→ **Instructions for the task**: Below are the records. Reproduce the line that contains "Some of the words" and every line after it to the end, exactly and alone.

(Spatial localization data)
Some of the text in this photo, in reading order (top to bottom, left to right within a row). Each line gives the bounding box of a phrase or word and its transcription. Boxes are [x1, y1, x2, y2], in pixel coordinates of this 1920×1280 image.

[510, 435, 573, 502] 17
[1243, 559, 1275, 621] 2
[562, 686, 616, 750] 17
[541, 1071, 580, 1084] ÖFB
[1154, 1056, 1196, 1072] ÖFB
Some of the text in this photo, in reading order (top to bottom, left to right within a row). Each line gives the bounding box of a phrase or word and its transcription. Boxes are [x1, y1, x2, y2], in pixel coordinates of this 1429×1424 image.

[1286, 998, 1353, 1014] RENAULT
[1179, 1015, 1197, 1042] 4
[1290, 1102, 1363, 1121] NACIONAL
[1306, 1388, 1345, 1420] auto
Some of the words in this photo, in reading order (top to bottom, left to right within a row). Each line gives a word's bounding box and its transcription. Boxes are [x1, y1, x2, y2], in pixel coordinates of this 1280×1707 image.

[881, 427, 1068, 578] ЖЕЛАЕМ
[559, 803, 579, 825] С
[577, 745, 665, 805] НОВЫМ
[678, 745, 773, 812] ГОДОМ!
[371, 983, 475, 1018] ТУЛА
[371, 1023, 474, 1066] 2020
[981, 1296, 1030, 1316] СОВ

→ **Output of the task**:
Some of the words in this photo, in reading order (top to bottom, left to right within a row). Each line gives a word's bounding box and its transcription. Boxes are [x1, y1, x2, y2], in pixel coordinates of this 1280×1707 image.

[881, 427, 1068, 578] ЖЕЛАЕМ
[559, 803, 579, 825] С
[577, 745, 665, 805] НОВЫМ
[678, 745, 773, 812] ГОДОМ!
[371, 983, 475, 1018] ТУЛА
[371, 1023, 474, 1066] 2020
[981, 1296, 1030, 1316] СОВ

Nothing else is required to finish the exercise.